The Frank McCourt High School of Writing Journalism and Literature will open next fall on Columbus Avenue and 83rd Street on Manhattan’s Upper West Side. It is one of four small schools that will take the place of the former Louis D. Brandeis High School, now the Brandeis High School Complex.
Three of these schools already opened in September of this year. They are Global Learning Collaborative, the Urban Assembly School for Green Careers and Innovation Diploma Plus.
Frank McCourt High School, the last of these schools, will recruit students this spring based on their middle school GPA, seventh grade ELA and math test scores, attendance history and performance during a group interview. It will emphasize communications and civic engagement. “[This is] inspired by Frank McCourt’s passion for journalism, literature and great writing,” Tom Allon (’80) said in an e-mail interview.
It was Allon’s idea to name the high school after Frank McCourt. ”I worked closely with a number of West Side elected leaders[…]as well as parents and community members from the upper West Side and Harlem,” he said.
“Many people felt it appropriate to name a new school after Frank McCourt—teacher, author, mentor and West Side community member,” Project Director and future principal Danielle Salzberg said in an e-mail interview.

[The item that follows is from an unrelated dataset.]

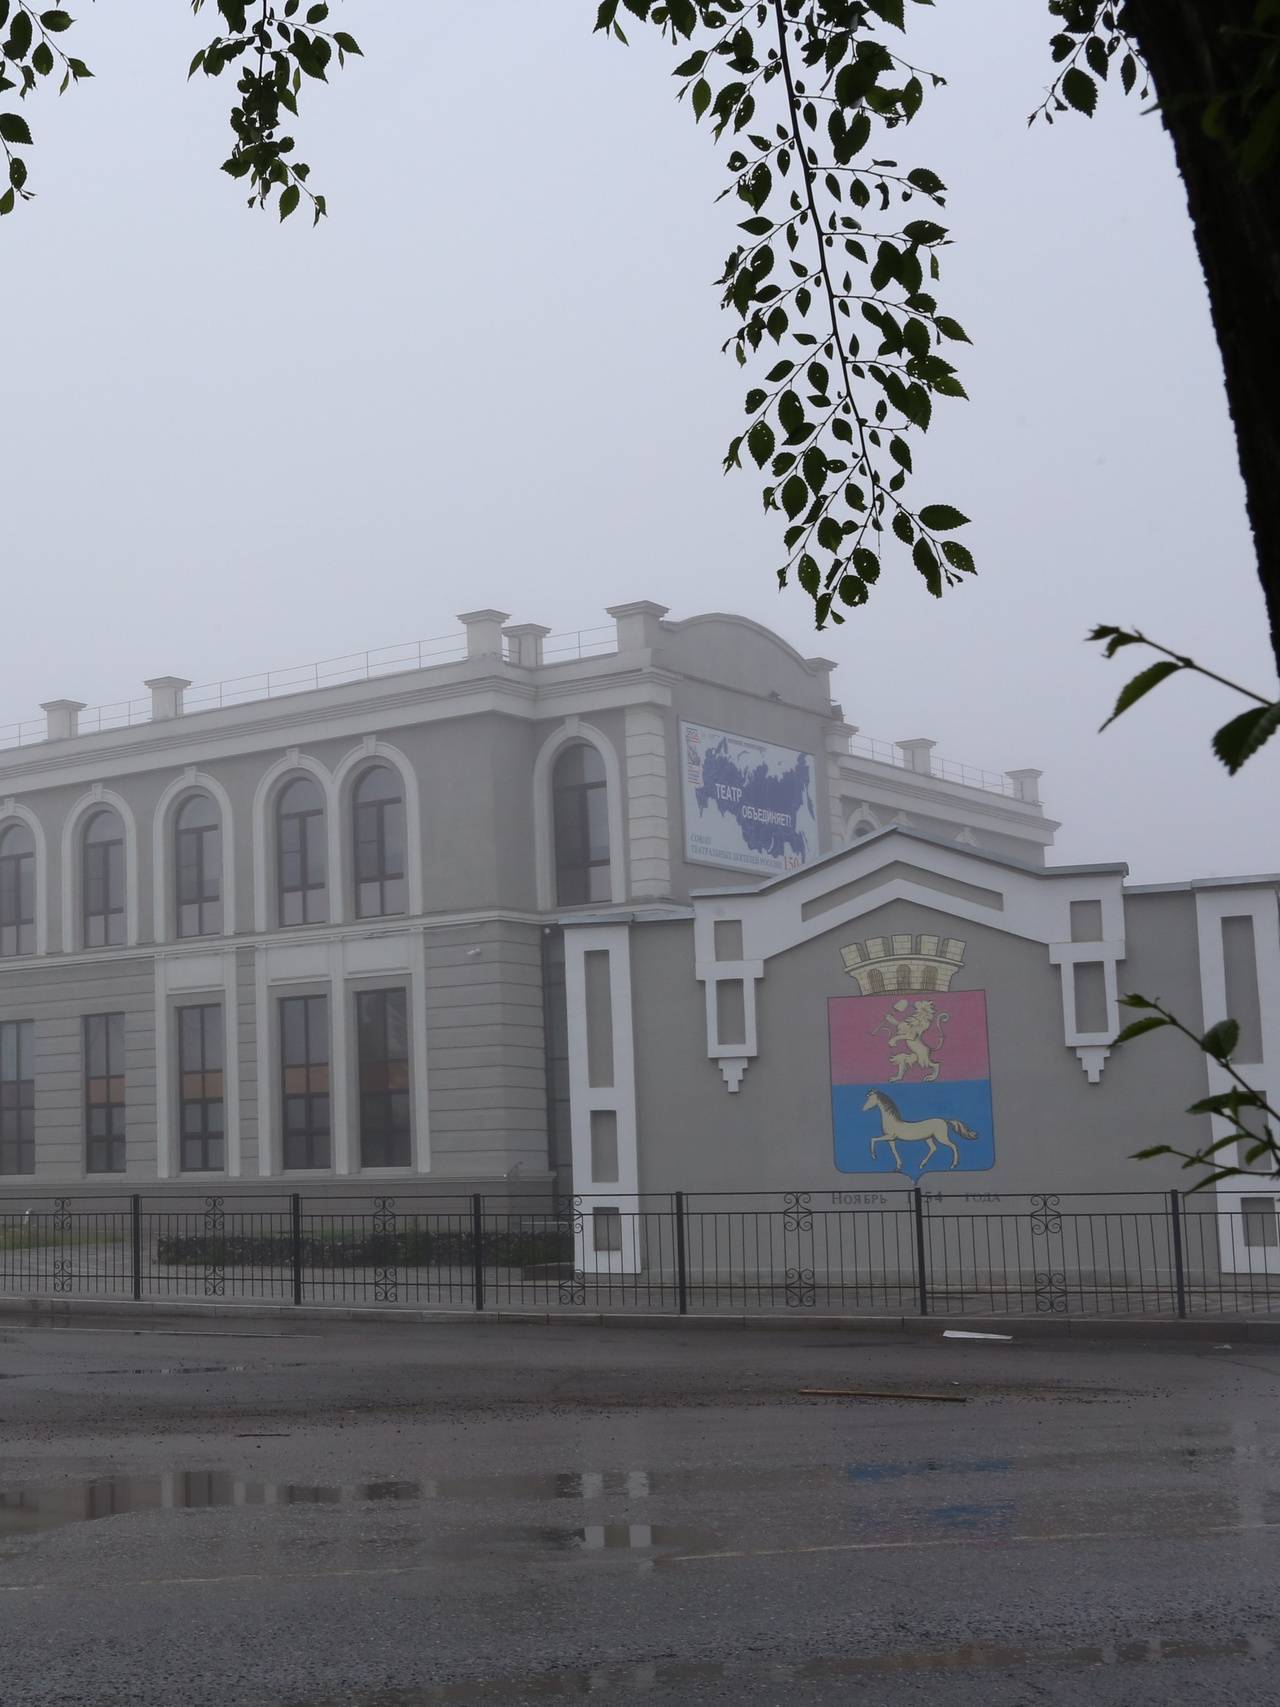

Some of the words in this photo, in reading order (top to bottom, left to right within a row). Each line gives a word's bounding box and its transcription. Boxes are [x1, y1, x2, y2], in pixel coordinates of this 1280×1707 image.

Schools are usually named after the deceased “so that we don’t have schools named after people who are found later in life to be unworthy of this recognition,” Allon said.
The school will have “an entering class of approximately 108 freshman in 2010 and then each year an additional grade of that size will be added, so eventually the school should have approximately 432 students,” Allon said.
Salzberg said that McCourt’s work will be incorporated into the curriculum. “The Frank McCourt High School program is designed to train students for 21st century literacy expectations, leadership and life-long learning. Frank McCourt’s legacy in each of these areas will be explored at different points in the curriculum and will depend on future collaboration with school staff as they join the team developing the school,” she said.
Chancellor Joel Klein announced the naming at a memorial for McCourt on Tuesday, October 6, at Symphony Space on 95th Street and Broadway. The memorial lasted for over three hours and included speeches by McCourt’s three brothers, daughter and granddaughter. This was a ticketed event and the only Stuyvesant faculty members who attended were Principal Stanley Teitel, math teacher Joy Schimmel and English teacher Walter Gern.
“The memorial was very moving,” Teitel said.
“Mr. McCourt was delightful and his laugh was infectious. He made the students really think. A lot of his students became professional writers,” Schimmel said. “Mr. McCourt would be proud and surprised [to have a school named after him].”
Teitel agreed. “I know that the family feels honored and I’m sure Frank would feel the same way,” he said. “I knew Frank. I liked his books, like Teacher Man. What’s important about Frank is that he tried his best once he became famous to make people understand how difficult, but how rewarding, teaching can be.”
Students are generally supportive of the decision. “Frank McCourt was really inspiring, and having him as a role model for a school of creative writing is a good idea,” senior Ayala Mansky said. “He was obviously an intellectual, educational figure.”
Freshman Yixia She is currently reading Angela’s Ashes, McCourt’s Pulitzer Prize winning autobiography, in her English class. “He was a good writer, so a school for creative writing is a good memorial for him,” she said.
Sophomore Sophy Wu agreed. “Frank McCourt came to many high schools to educate students on how to become better writers. He should be recognized for this,” she said.


FYI, the Brandeis school is located at 84th and Columbus.